Id. This Court has also stated that “[b]ecause the routine use of a corporate seal is merely to demonstrate authority to execute adocument, the mere presence of a corporate seal, without more, does not convert the document into a specialty.” Blue Cross and Blue Shield v. Odell Associates, 61 N.C. App. 350, 362, 301 S.E.2d 459, 465, disc. review denied, 309 N.C. 319, 306 S.E.2d 791 (1983).

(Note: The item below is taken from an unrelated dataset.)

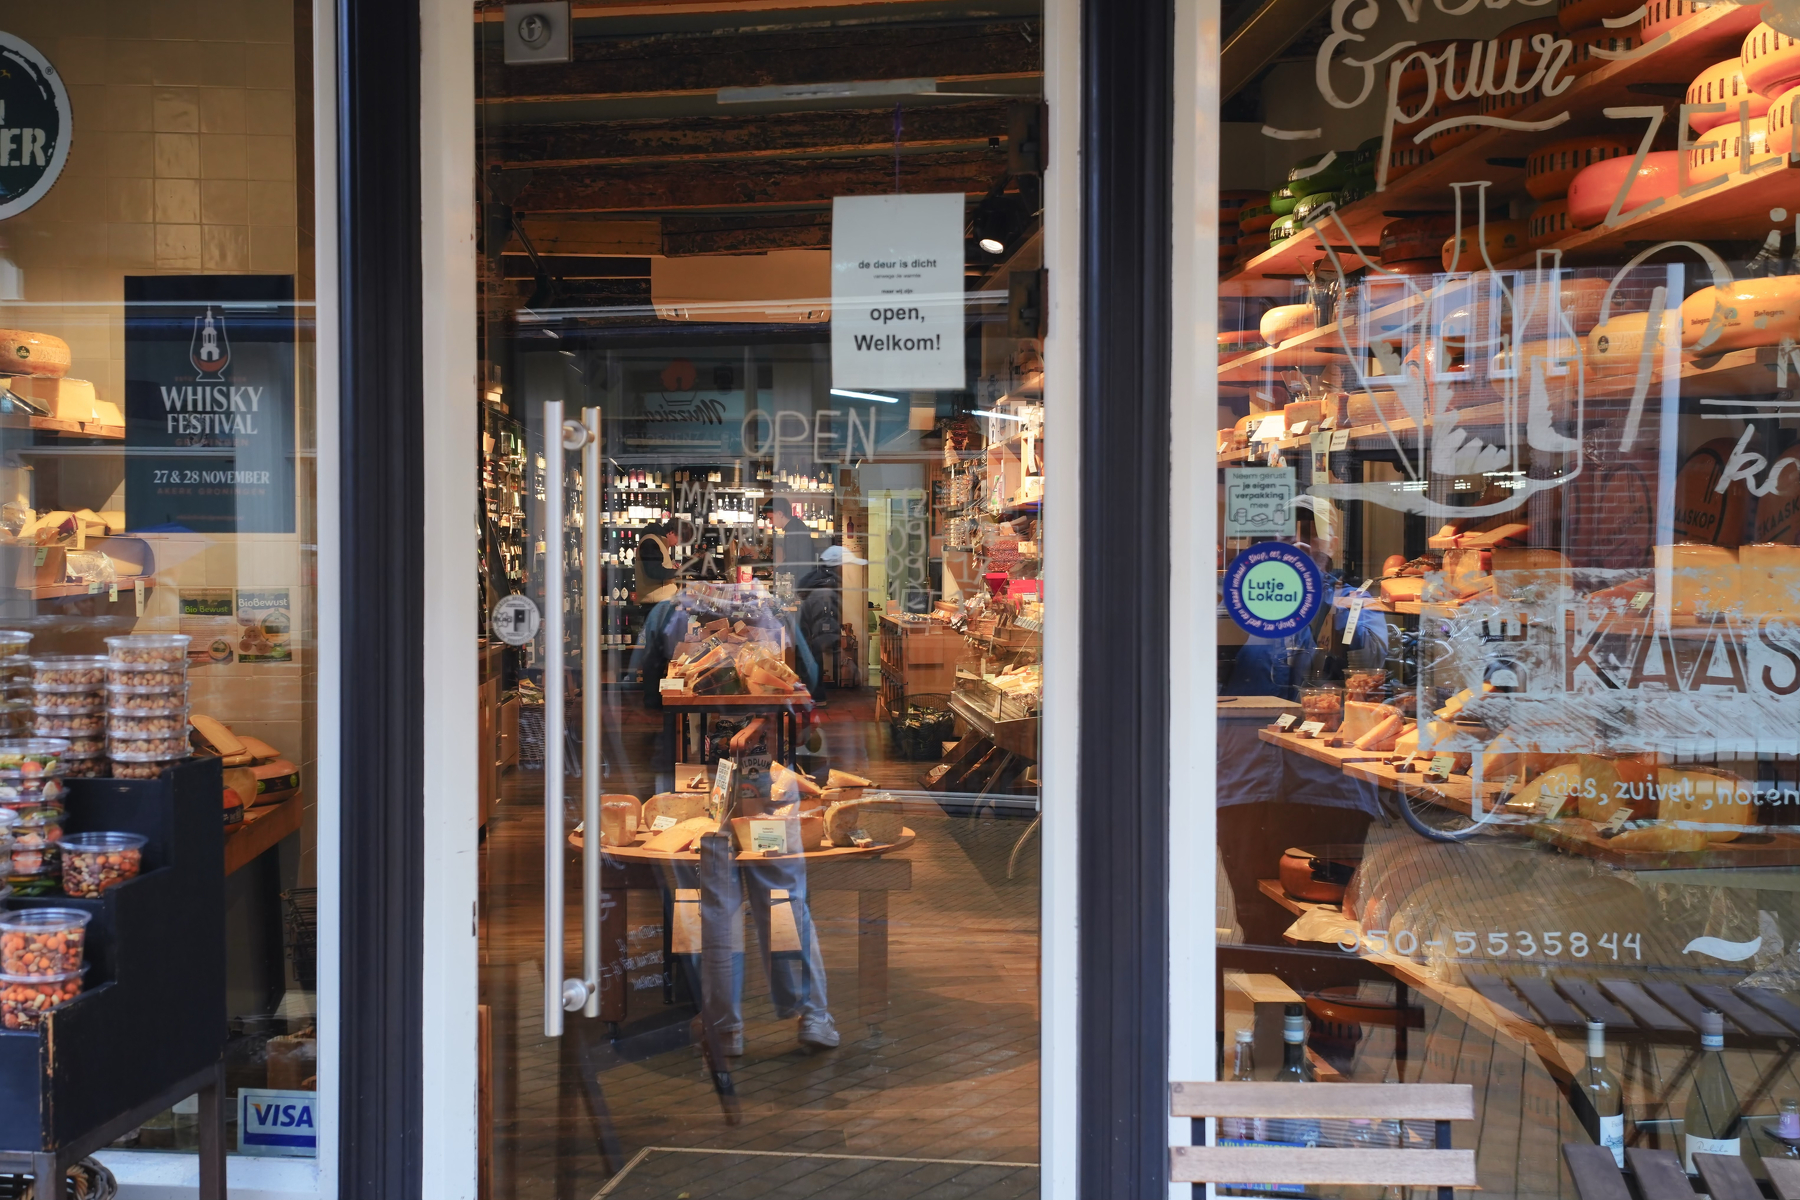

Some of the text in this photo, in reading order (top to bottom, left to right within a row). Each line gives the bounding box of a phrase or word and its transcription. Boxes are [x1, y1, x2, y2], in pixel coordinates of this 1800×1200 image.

    In the instant case the only indication of a seal on the contract was the corporate seal affixed to the bottom of the contract. There were neither words indicating an intention for the contract to be a specialty nor extrinsic evidence from which to determine intent. Therefore, standing alone, this contract does not fall with the 10-year statute of limitations.

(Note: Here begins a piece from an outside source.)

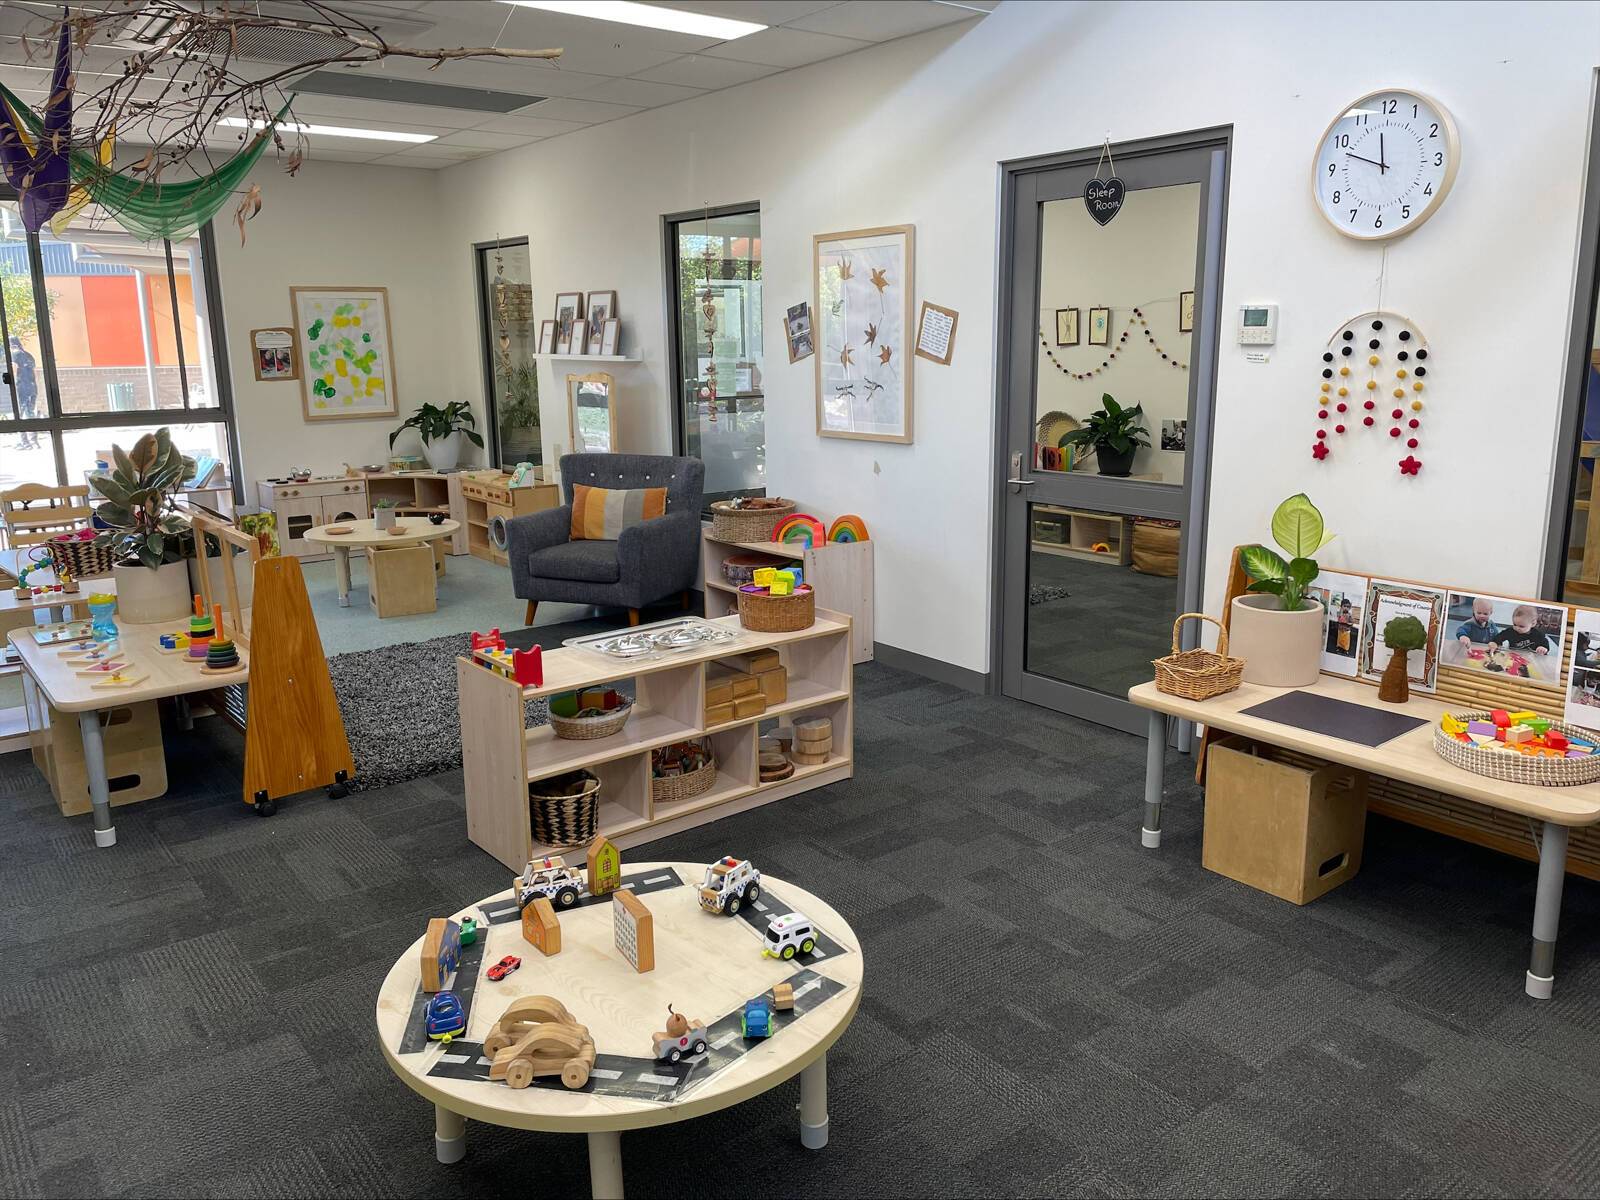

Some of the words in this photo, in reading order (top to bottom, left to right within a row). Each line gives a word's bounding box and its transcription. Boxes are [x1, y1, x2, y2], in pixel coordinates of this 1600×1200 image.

    BAM further contends that Tennessee's 6-year statute of limitations should apply to the breach of contract issue instead of North Carolina's 3-year statute of limitations.

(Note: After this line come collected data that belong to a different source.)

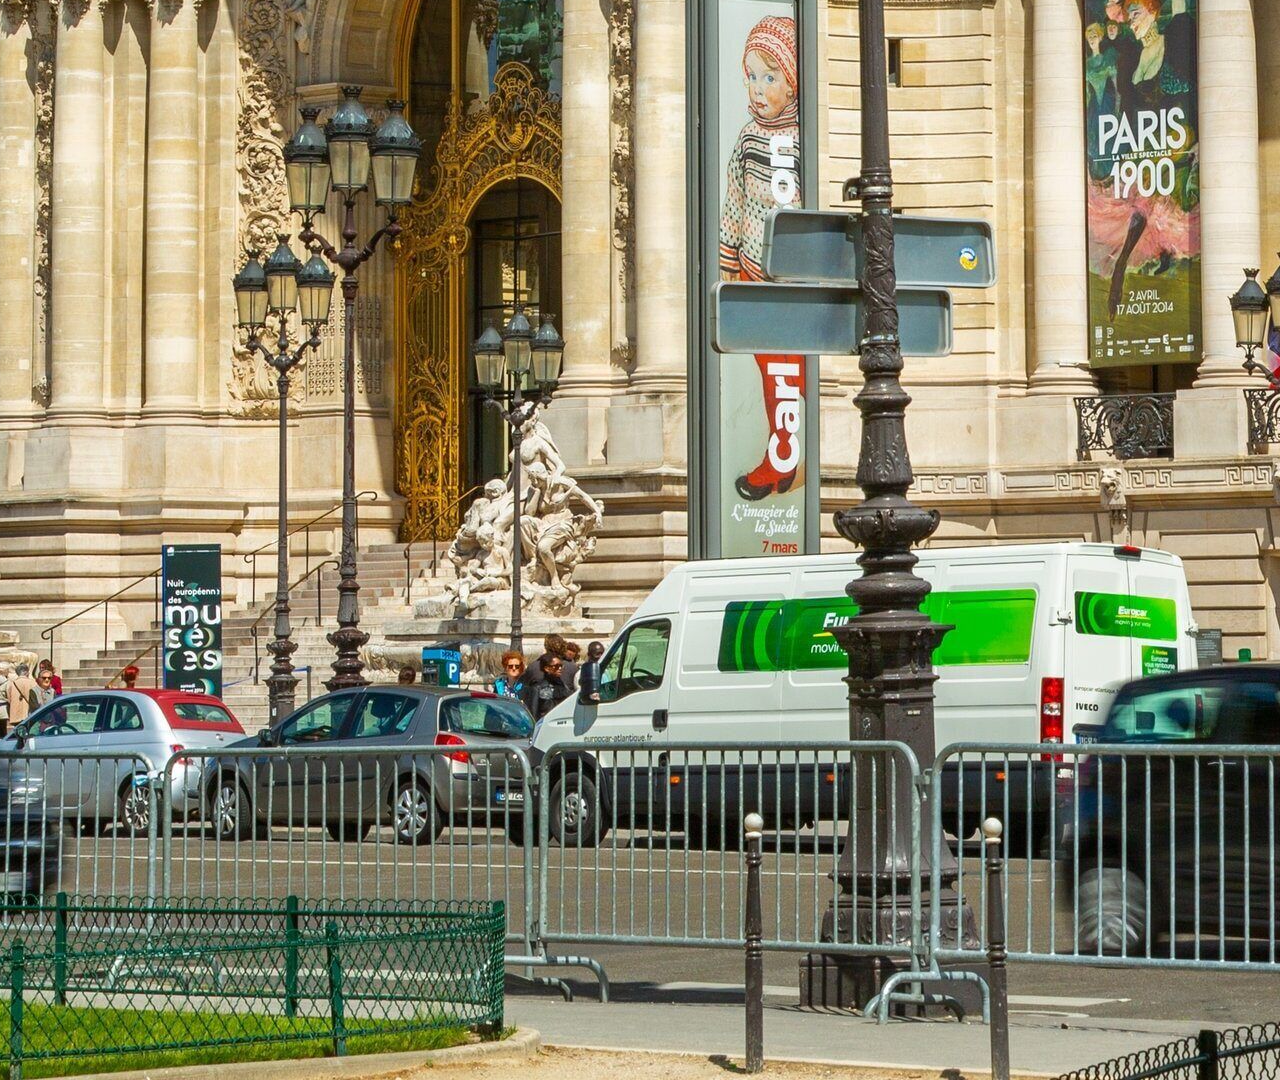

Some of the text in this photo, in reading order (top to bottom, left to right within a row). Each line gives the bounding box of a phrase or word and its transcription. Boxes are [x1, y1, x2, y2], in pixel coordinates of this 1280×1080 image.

[1098, 107, 1187, 156] PARIS
[1121, 152, 1138, 160] VILLE
[1139, 149, 1173, 159] SPECTACLE
[1110, 157, 1175, 200] 1900
[1129, 289, 1160, 302] 2 AVRIL
[1116, 301, 1174, 315] 17 AOÛT 2014
[767, 362, 800, 474] Carl
[785, 504, 799, 519] de
[754, 519, 799, 537] la Suède
[762, 541, 798, 554] 7 mars
[167, 579, 184, 587] Nuit
[168, 596, 182, 604] des
[1117, 605, 1148, 617] Europcar
[1151, 655, 1169, 663] Europcar
[449, 663, 458, 679] P
[1075, 702, 1099, 712] IVECO

    “North Carolina adheres to the lex loci contracti rule, which holds that the law of the state in which a contract was formed governs matters of execution, validity, and interpretation.” Cunningham v. Brown, 51 N.C. App. 264, 268, 276 S.E.2d 718, 722 (1981). However, in matters of procedure, North Carolina courts apply the rule of lex fori and adhere to the procedural rules of the forum state. Charnock v. Taylor, 223 N.C. 360, 361, 26 S.E.2d 911, 913 (1943). Additionally, North Carolina law “is dispositive on whether an issue is substantive or procedural.” Williams v. Riley, 56 N.C. App. 427, 429, 289 S.E.2d 102, 104 (1982). Under North Carolina law, a statute of limitations is a procedural device, and in actions in North Carolina courts, the forum'sstatute of limitations must be applied. Sayer v. Henderson, 225 N.C. 642, 643, 35 S.E.2d 875, 876 (1945).
    BAM argues that a different rule should apply where N.C. Gen. Stat. § 1A-1, Rule 13, requires that certain counterclaims be brought. However, statutes of limitations are deemed only to affect the remedy and not the substantive right. We agree with the Fourth Circuit Court of Appeals' holding that the statute of the forum may bar the remedy even though the action is not barred in the jurisdiction where it arose. Eagle Nation, Inc. v. Market Force, Inc., 180 F. Supp. 2d 752 (E.D.N.C. 2001). Therefore, the trial judge properly applied the 3-year statute of limitations provided for in North Carolina.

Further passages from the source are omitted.